==== Records for this task
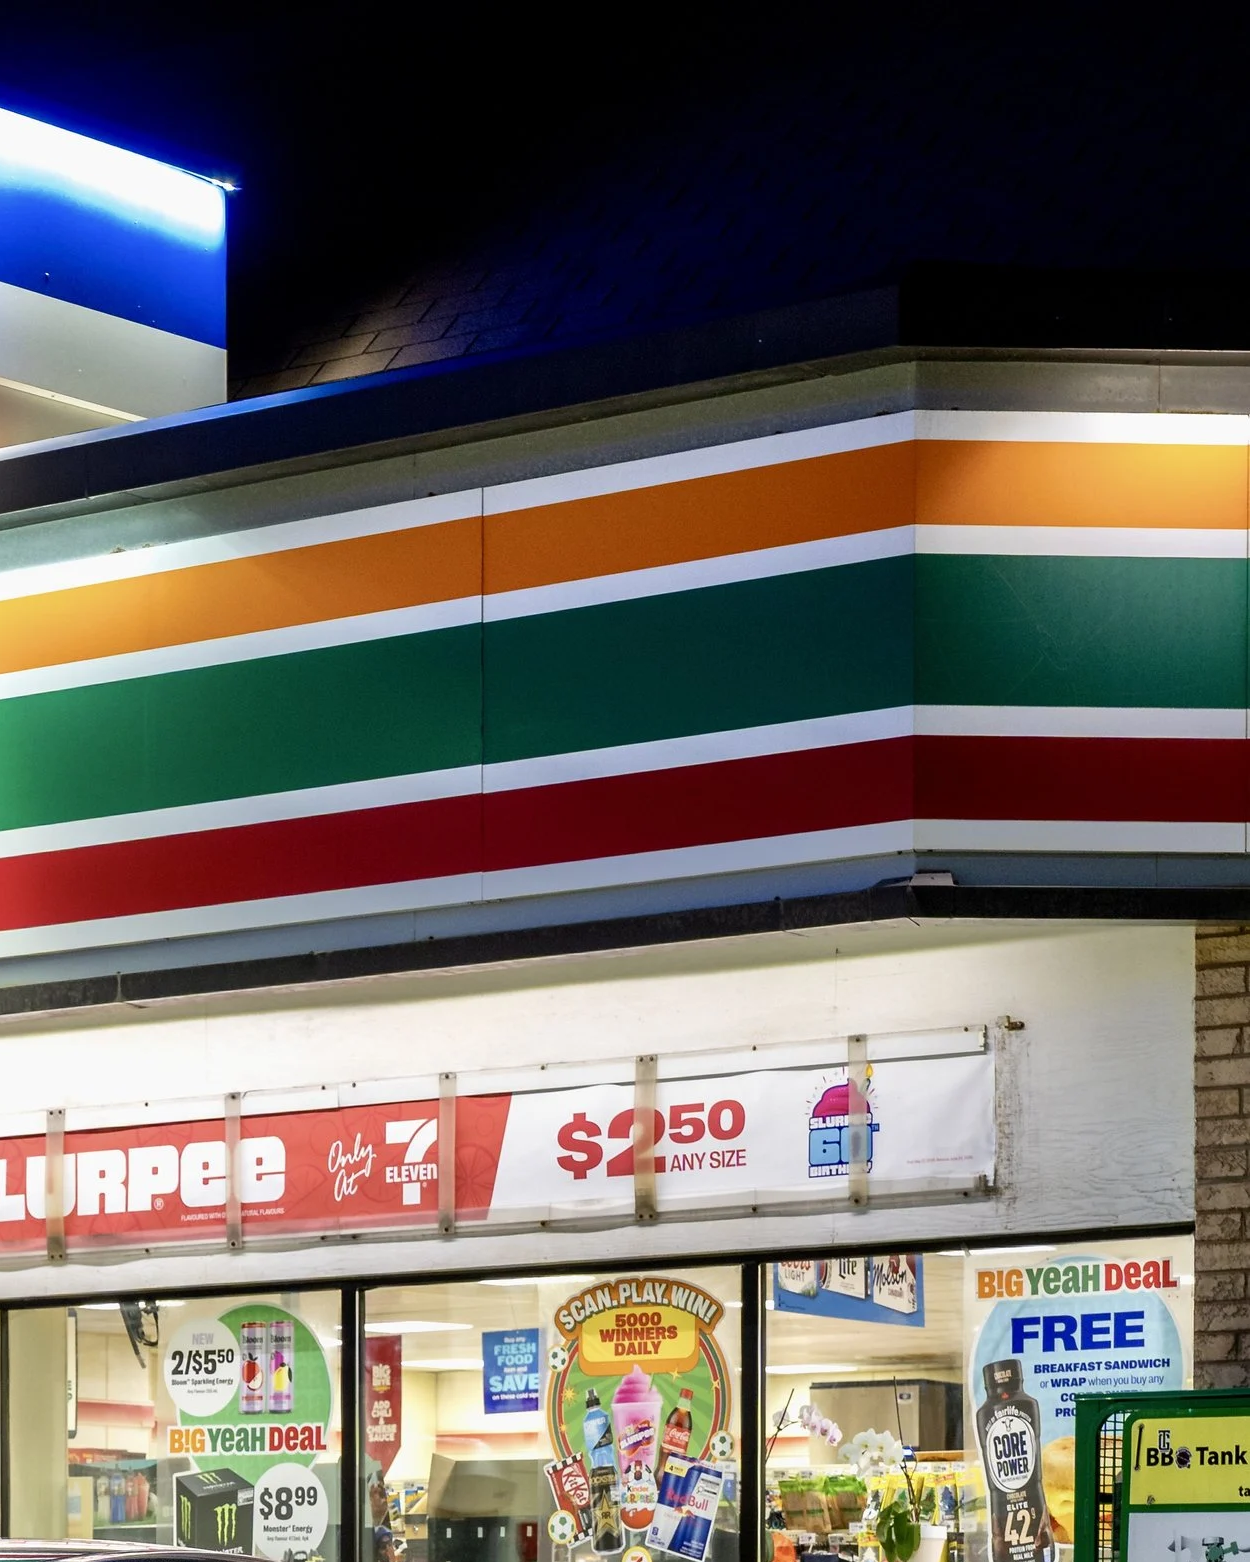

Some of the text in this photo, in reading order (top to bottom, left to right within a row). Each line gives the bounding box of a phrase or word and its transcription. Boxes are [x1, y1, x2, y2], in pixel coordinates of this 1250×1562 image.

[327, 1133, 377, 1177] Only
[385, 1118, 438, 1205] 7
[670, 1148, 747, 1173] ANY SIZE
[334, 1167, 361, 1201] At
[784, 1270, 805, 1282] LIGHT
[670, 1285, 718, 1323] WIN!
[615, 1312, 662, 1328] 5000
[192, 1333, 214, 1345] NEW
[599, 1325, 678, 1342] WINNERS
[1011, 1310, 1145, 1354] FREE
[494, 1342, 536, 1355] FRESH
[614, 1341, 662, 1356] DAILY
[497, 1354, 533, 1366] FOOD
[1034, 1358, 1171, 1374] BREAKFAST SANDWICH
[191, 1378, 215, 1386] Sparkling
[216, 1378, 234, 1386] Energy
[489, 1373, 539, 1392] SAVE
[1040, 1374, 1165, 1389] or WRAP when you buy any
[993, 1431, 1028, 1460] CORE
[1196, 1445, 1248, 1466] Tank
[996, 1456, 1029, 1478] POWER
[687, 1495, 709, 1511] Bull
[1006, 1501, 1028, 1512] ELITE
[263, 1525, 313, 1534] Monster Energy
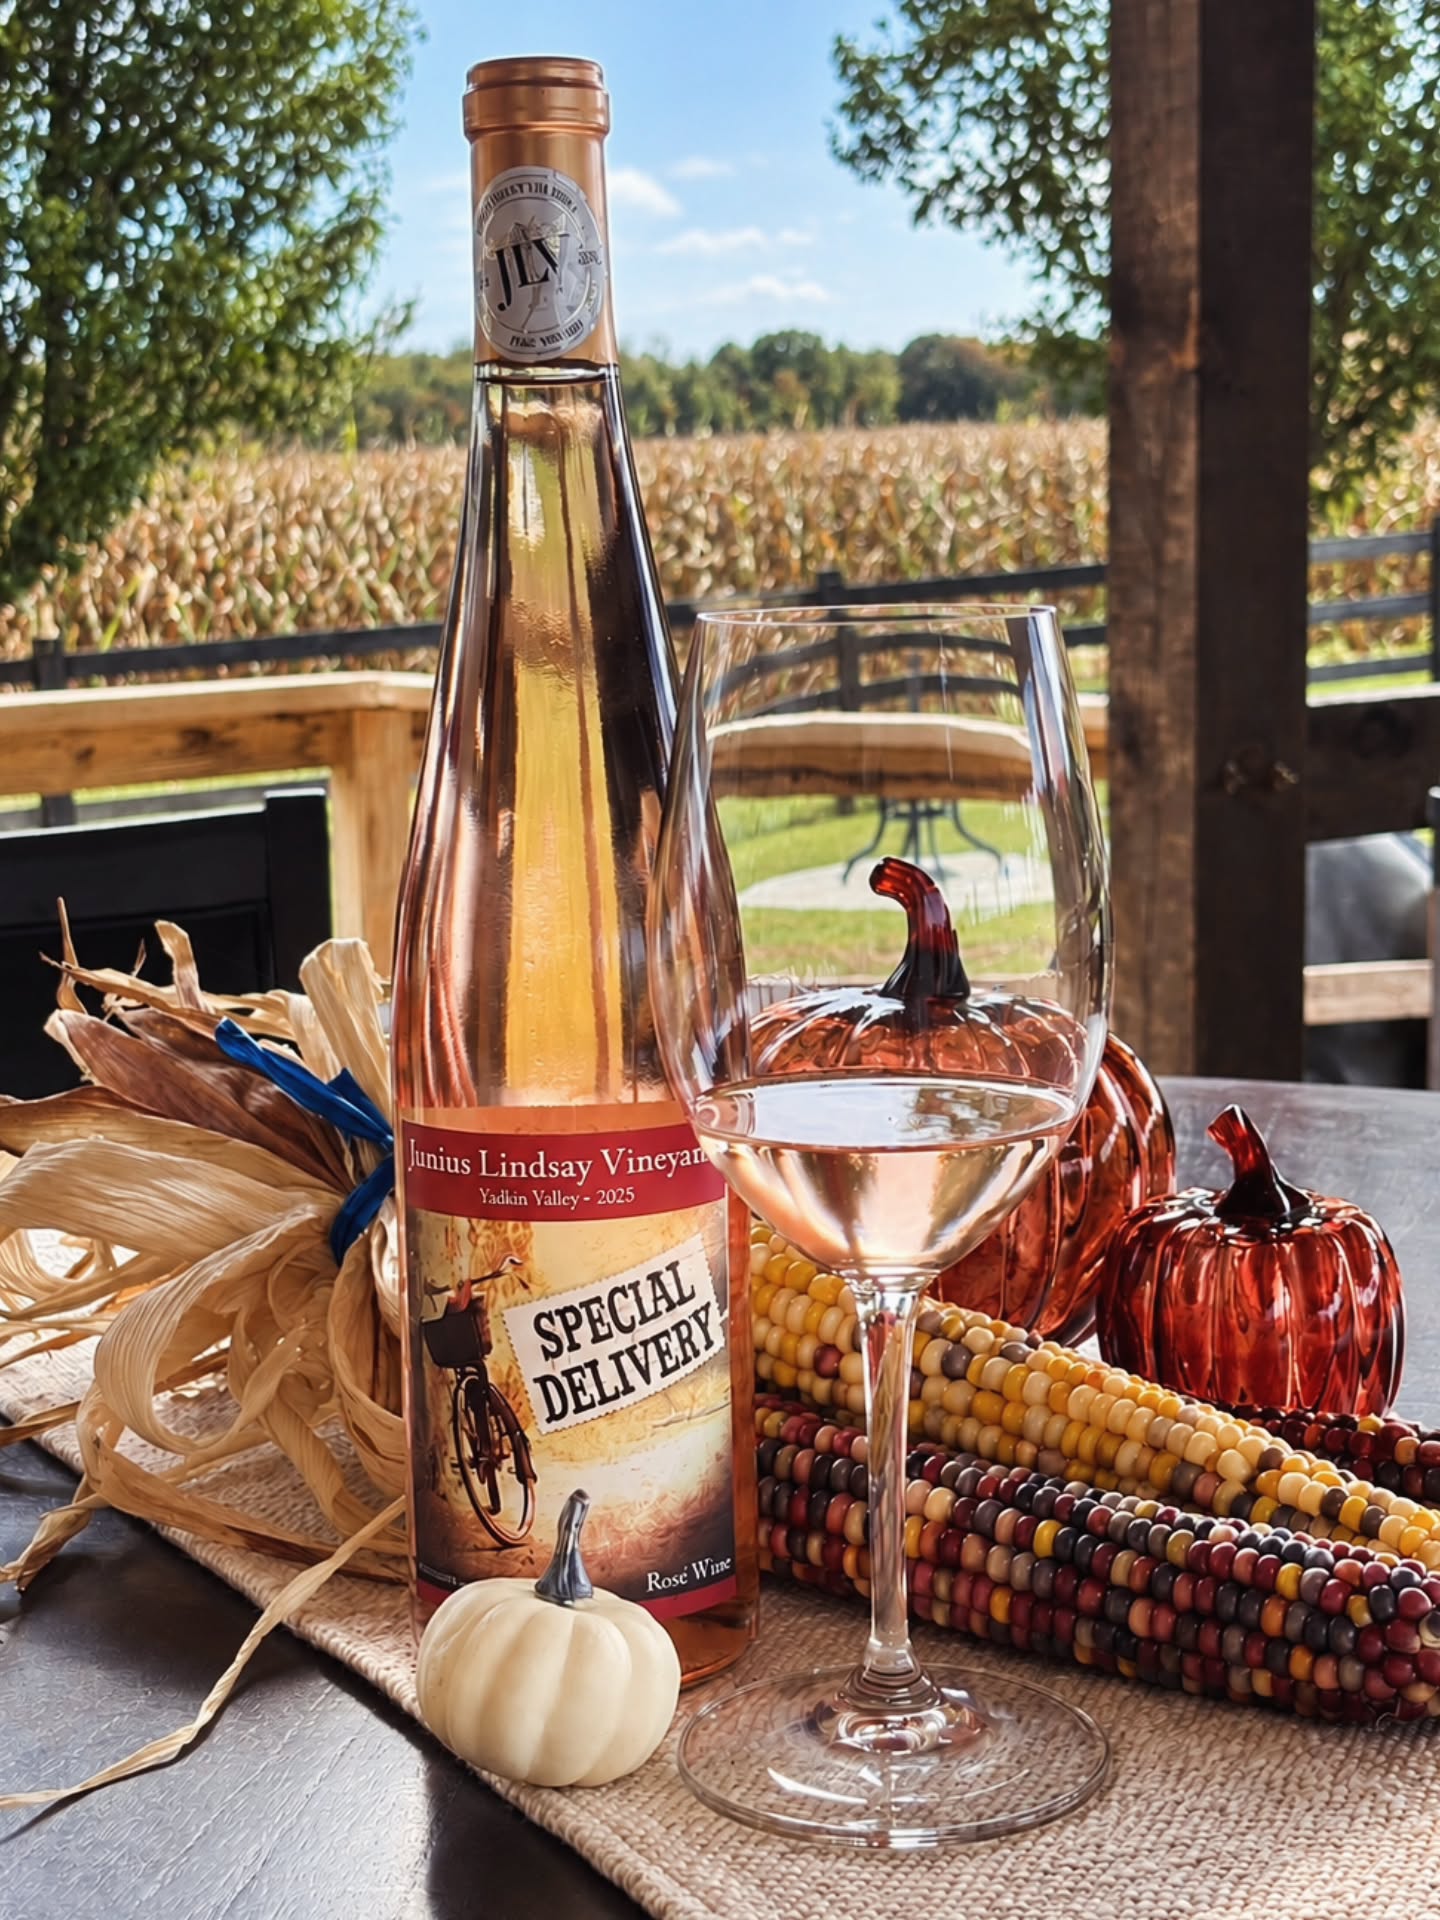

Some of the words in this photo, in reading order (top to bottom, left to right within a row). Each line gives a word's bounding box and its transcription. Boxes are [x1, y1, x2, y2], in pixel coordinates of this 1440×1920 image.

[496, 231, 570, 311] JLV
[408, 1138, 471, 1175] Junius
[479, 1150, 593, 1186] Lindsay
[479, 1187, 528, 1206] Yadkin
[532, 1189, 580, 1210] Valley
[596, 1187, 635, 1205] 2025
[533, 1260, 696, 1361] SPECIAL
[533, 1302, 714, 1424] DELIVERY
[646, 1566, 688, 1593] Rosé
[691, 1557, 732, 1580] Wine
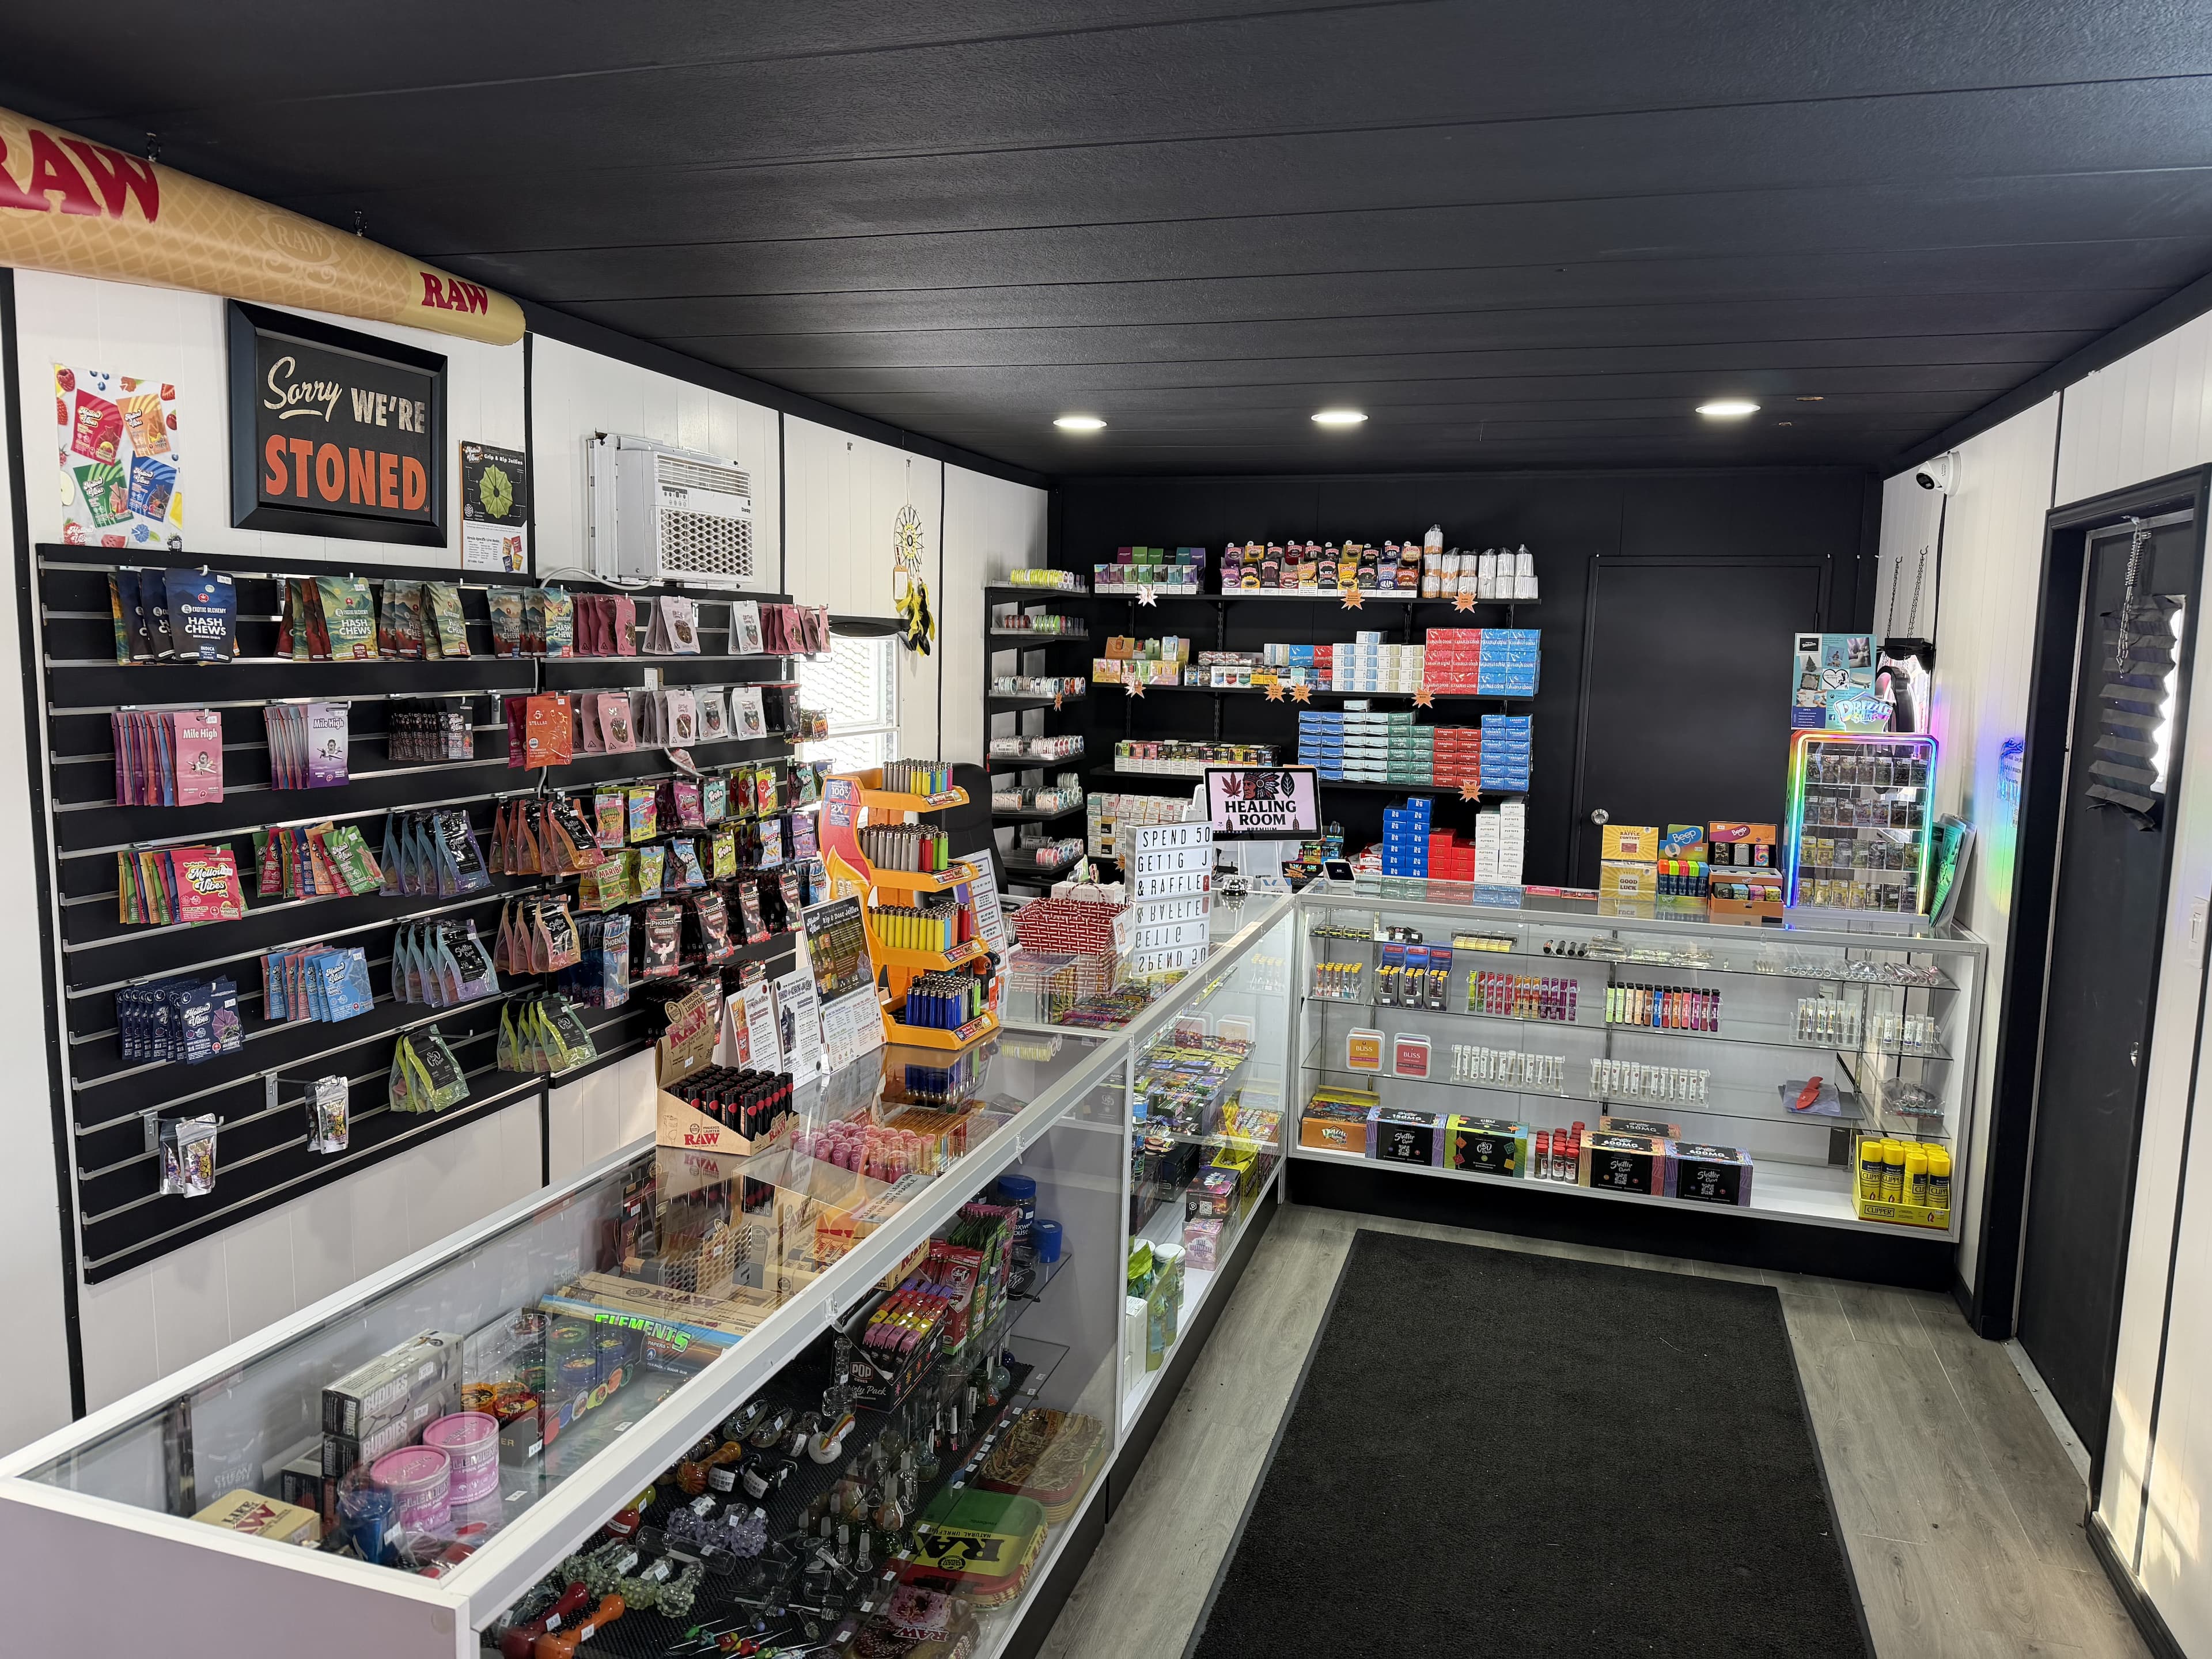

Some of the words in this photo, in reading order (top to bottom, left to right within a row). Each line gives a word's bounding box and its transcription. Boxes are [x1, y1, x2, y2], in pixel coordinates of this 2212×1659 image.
========
[What is expected]
Leave every picture out and return exactly the lines from the one holding "this 1440×1920 image." through the end of the records above, both ends included, and nothing more.

[Response below]
Some of the words in this photo, in reading order (top to bottom, left to right within a row). Each line gives a word's bounding box and its transcription. Boxes are [x1, y1, x2, y2], in pixel coordinates of this 1440×1920 image.

[496, 231, 570, 311] JLV
[408, 1138, 471, 1175] Junius
[479, 1150, 593, 1186] Lindsay
[479, 1187, 528, 1206] Yadkin
[532, 1189, 580, 1210] Valley
[596, 1187, 635, 1205] 2025
[533, 1260, 696, 1361] SPECIAL
[533, 1302, 714, 1424] DELIVERY
[646, 1566, 688, 1593] Rosé
[691, 1557, 732, 1580] Wine

Some of the words in this photo, in reading order (top to bottom, left to right within a row). Each line gives a word's bounding box and its transcription. Boxes are [x1, y1, x2, y2], in pixel coordinates of this 2212×1659 image.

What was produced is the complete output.